Program Structure
PGY-1
Combined Adult and Child Psychiatry track residents are encouraged to meet with Taiwo Babatope, MD, MPH, MBA, Program Director of the Child Psychiatry Fellowship Program and Cesar Soutullo, MD, PhD, Vice Chair of Child and Adolescent Psychiatry to discuss areas of interest, training goals and identify prospective mentors. During their internship year, combined child track residents are given priority to rotate in family medicine/ pediatric and pediatric neurology outpatient and consult clinical experiences as well as in the inpatient acute childcare services unit located in the Dunn Behavioral Sciences Center (DBS).
PGY-2
Combined Adult and Child Psychiatry track residents will also have priority in selecting amongst a variety of child psychiatry community services (The Harris Center for Mental Health and IDD and Texana Behavioral Healthcare services), telemedicine psychiatry clinic services (Burke Mental Health services, TriCounty Behavioral Healthcare clinics, and Spindletop behavioral health clinics). Additional rotations available include an inpatient child forensics services unit (juvenile justice unit) and child protective services (CPS) sub-acute inpatient unit experiences, located at the Harris County Psychiatric center (HCPC)

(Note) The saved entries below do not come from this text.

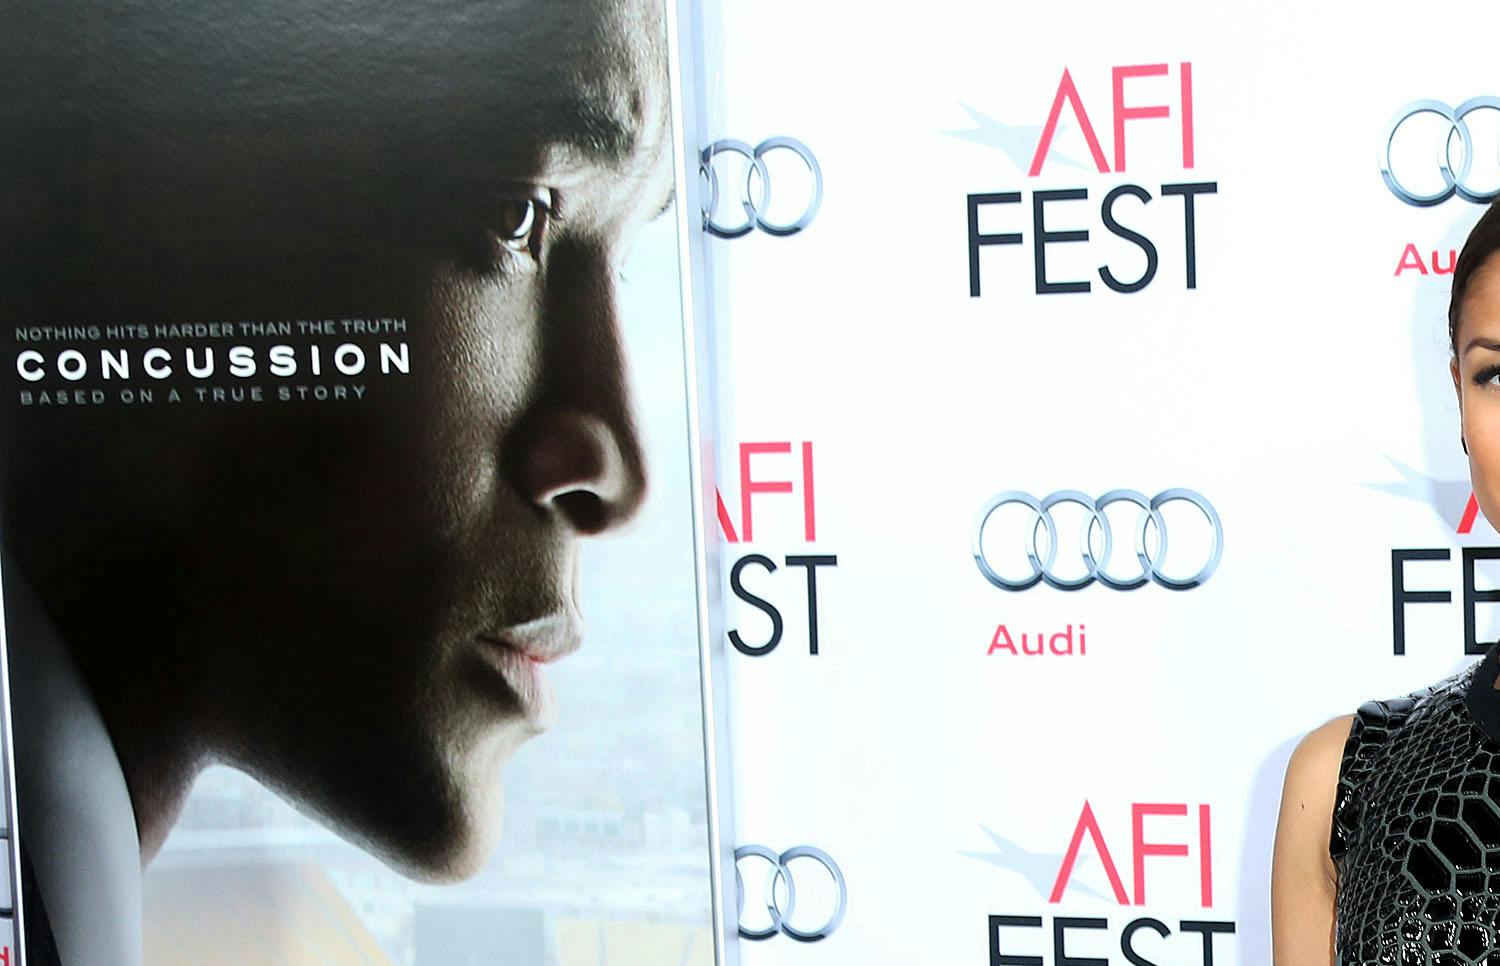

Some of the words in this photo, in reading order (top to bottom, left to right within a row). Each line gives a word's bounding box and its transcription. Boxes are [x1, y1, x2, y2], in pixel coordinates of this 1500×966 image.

[1029, 61, 1195, 176] AFI
[966, 181, 1218, 298] FEST
[1394, 243, 1456, 277] Au
[15, 325, 101, 342] NOTHING
[106, 323, 149, 340] HITS
[154, 322, 234, 339] HARDER
[239, 321, 292, 337] THAN
[297, 320, 335, 336] THE
[340, 318, 408, 335] TRUTH
[15, 342, 411, 382] CONCUSSION
[20, 389, 105, 406] BASED
[120, 388, 154, 404] ON
[168, 387, 182, 403] A
[195, 386, 263, 402] TRUE
[278, 384, 367, 401] STORY
[715, 440, 817, 543] FI
[727, 553, 838, 657] ST
[987, 623, 1086, 656] Audi
[1048, 799, 1213, 908] AFI
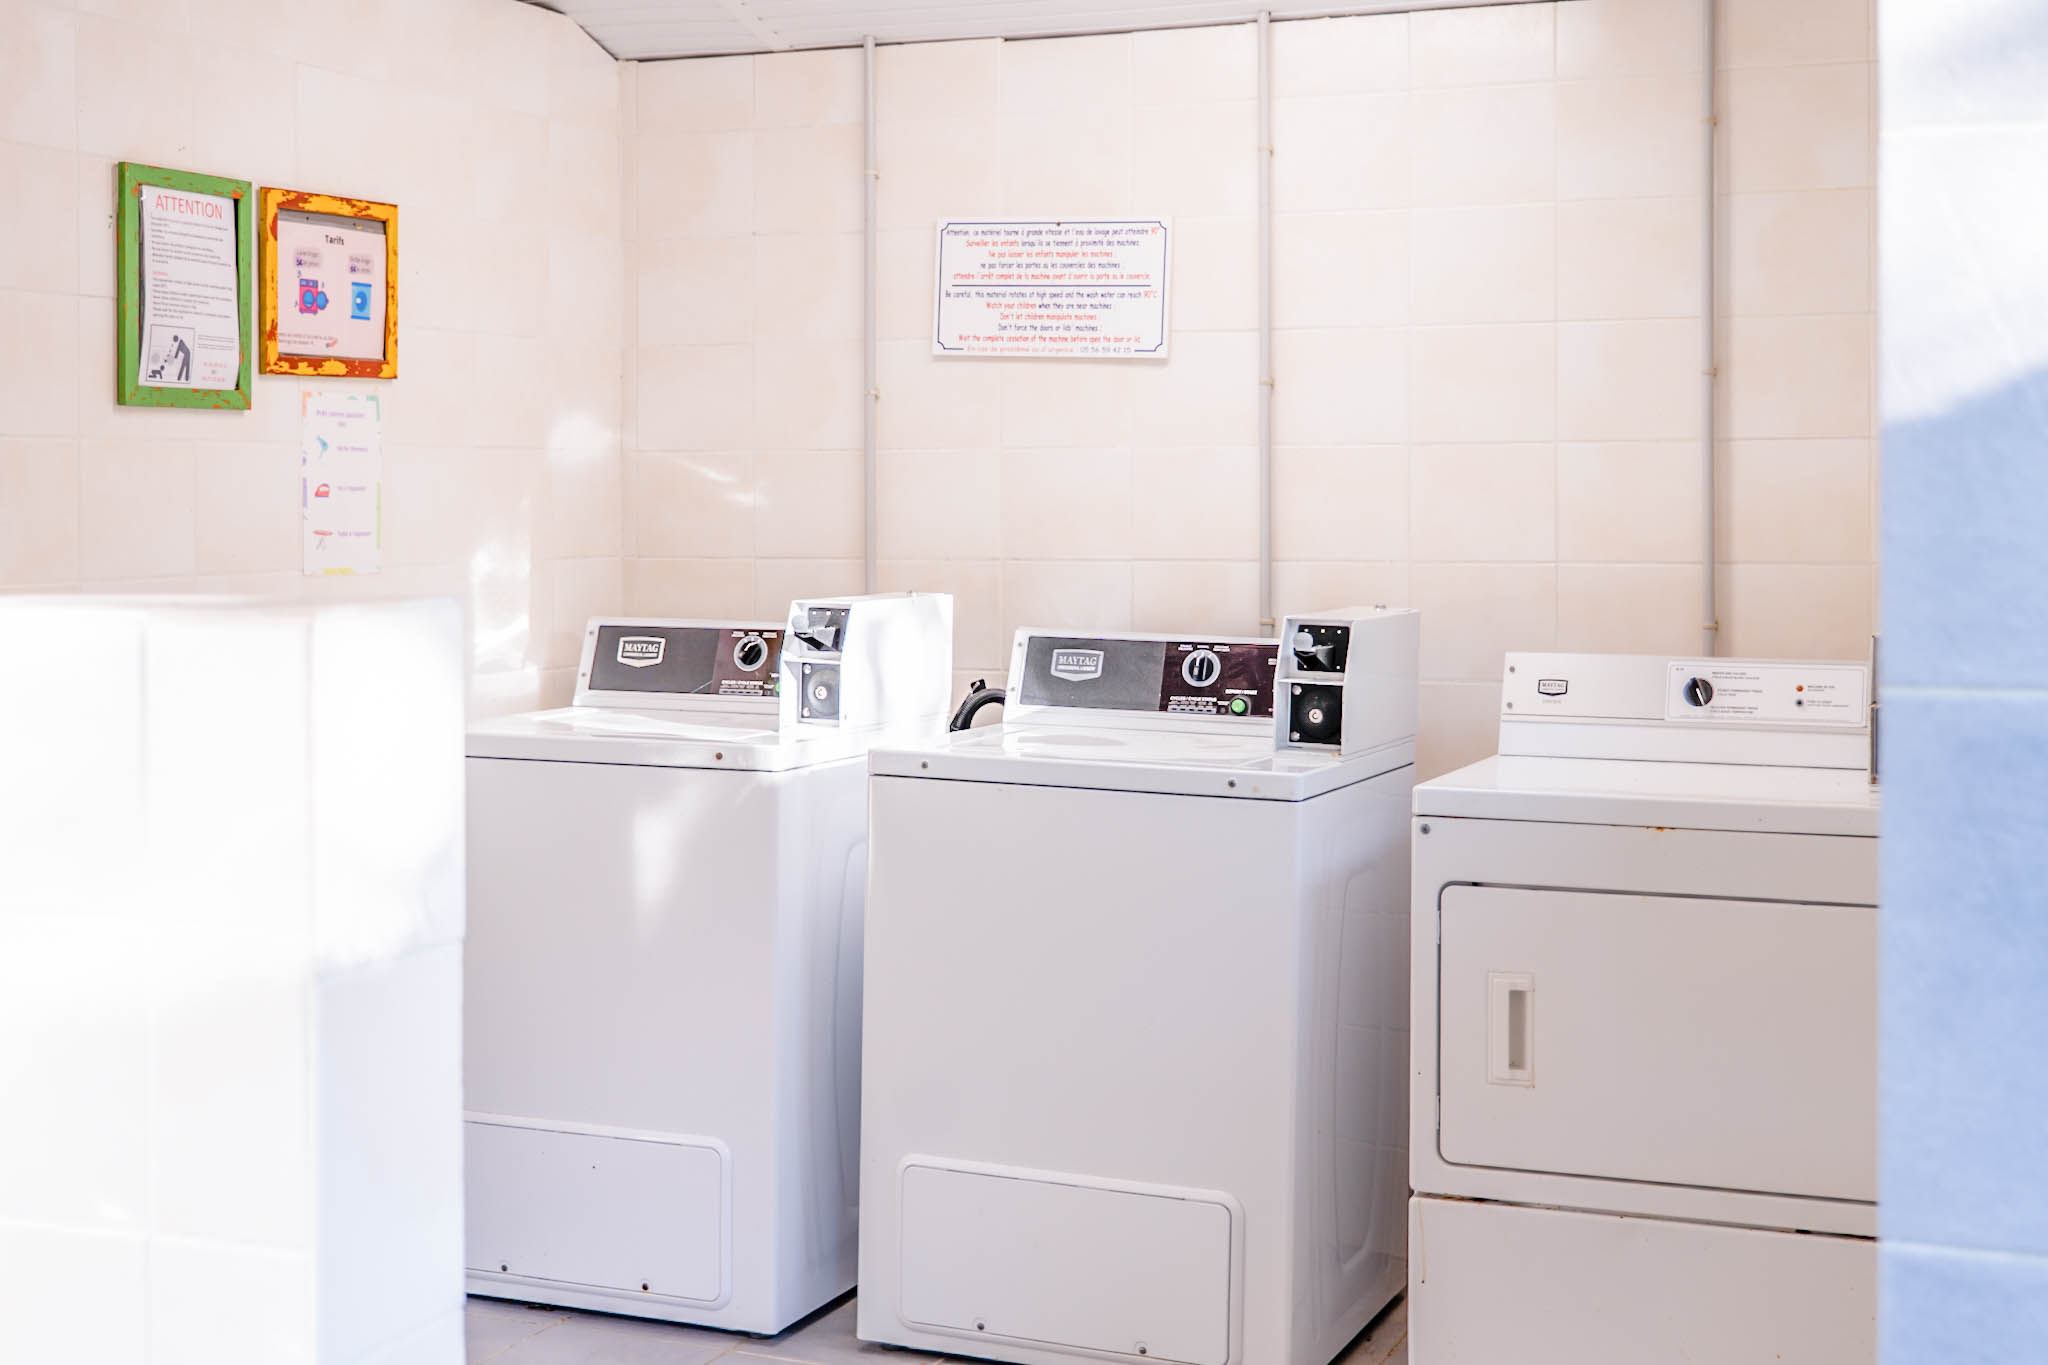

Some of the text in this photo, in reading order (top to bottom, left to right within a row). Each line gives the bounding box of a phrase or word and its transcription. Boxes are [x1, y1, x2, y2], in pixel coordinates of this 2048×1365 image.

[155, 194, 223, 219] ATTENTION
[325, 235, 345, 246] Tarifs
[624, 643, 659, 652] MAYTAG
[1058, 655, 1097, 665] MAYTAG
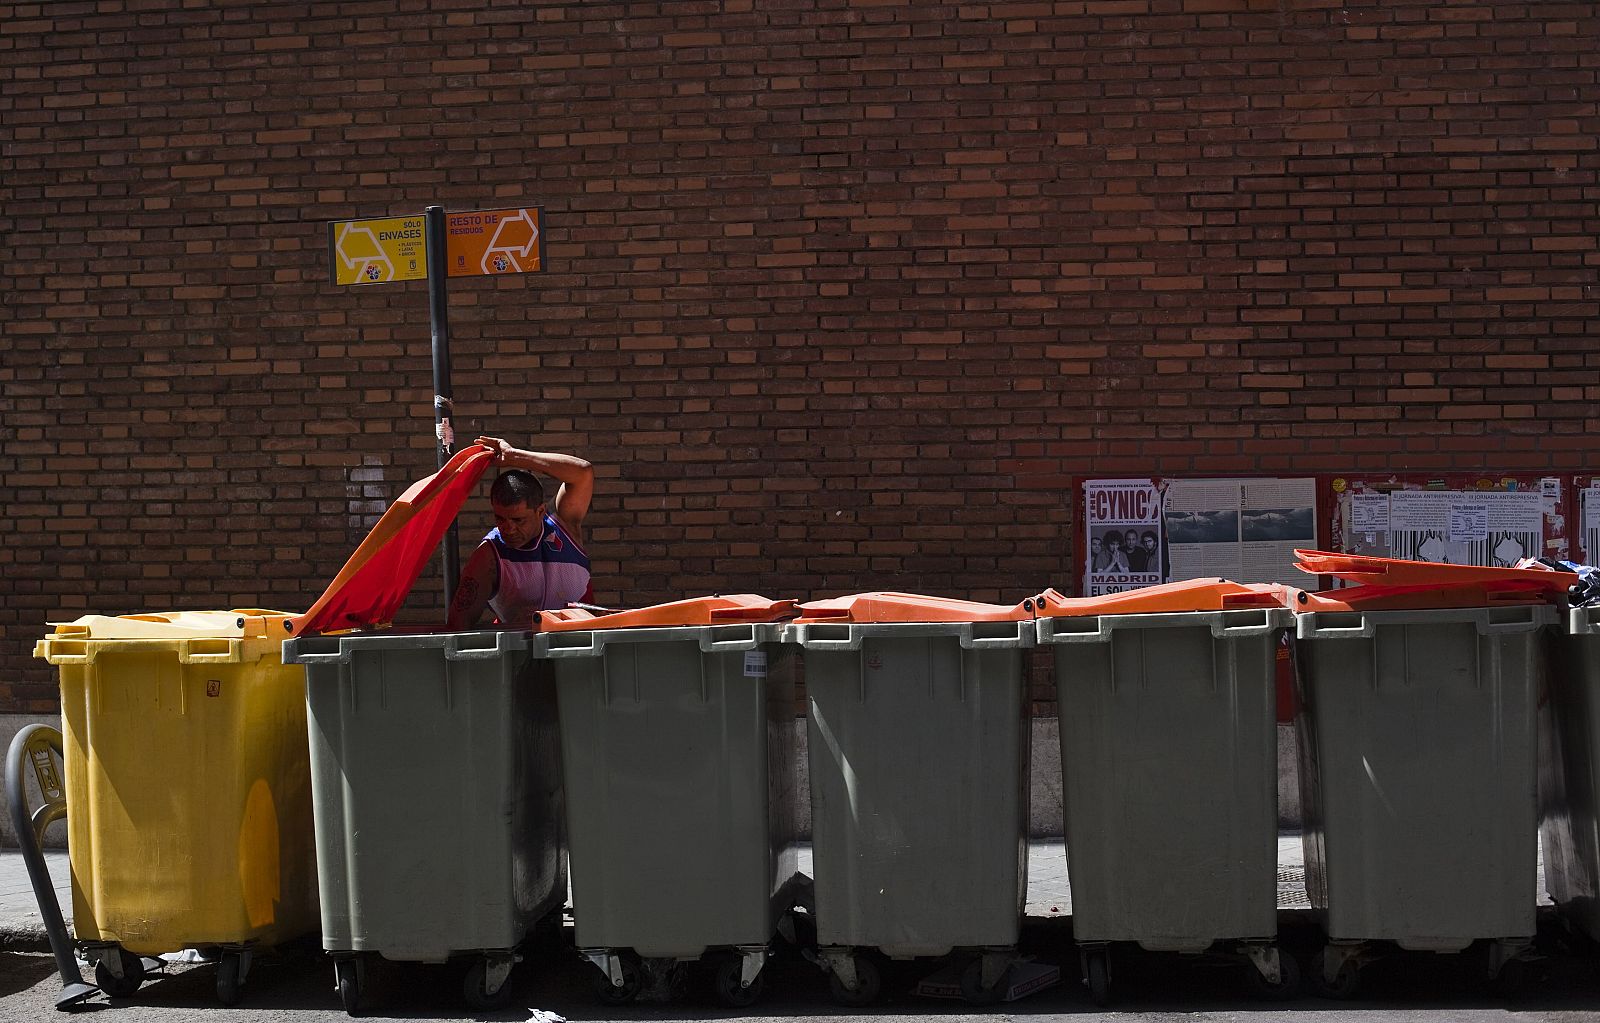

Child track residents are also encouraged to work on scholarly products, including poster presentations and peer-reviewed publications to submit to AACAP and apply for the APA/APAF Child and Adolescent Fellowship awards nationally.
PGY-3
During their third year of training, combined adult and child track residents spend half a day per week at the UT Physicians Psychiatry Outpatient Clinic- Behavioral and Biomedical Sciences Building (BBSB) Child Psychiatry Fellows continuity clinic, under the supervision from Child and Adolescent Faculty. Residents complete new patient evaluations, medication management follow up appointments, and select psychotherapy patients, as part of a continuity clinic. These trainees follow patients throughout the remainder of their residency and continue to see them in child fellowship training. This experience provides a unique longitudinal and comprehensive education in common and complex child mental health diagnoses and treatment.
Residents in this track identify and work with established child and adolescent psychiatry mentors to pursue projects in areas of identified interests. Combined adult and child track residents are also prioritized to participate in the active Curemark clinical autism trial, “An Open-Label Extension Study of CM-AT for the treatment of Children with Autism with all levels of fecal chymotrypsin” with Dr. Deborah Pearson serving as a PI of a 31-site national trial. Other research funded programs available to residents include the Texas Youth Depression and Suicide Research Network and Childhood Trauma Research Network (CTRN), research initiatives of the Texas Child Mental Health Care Consortium (TCMHCC).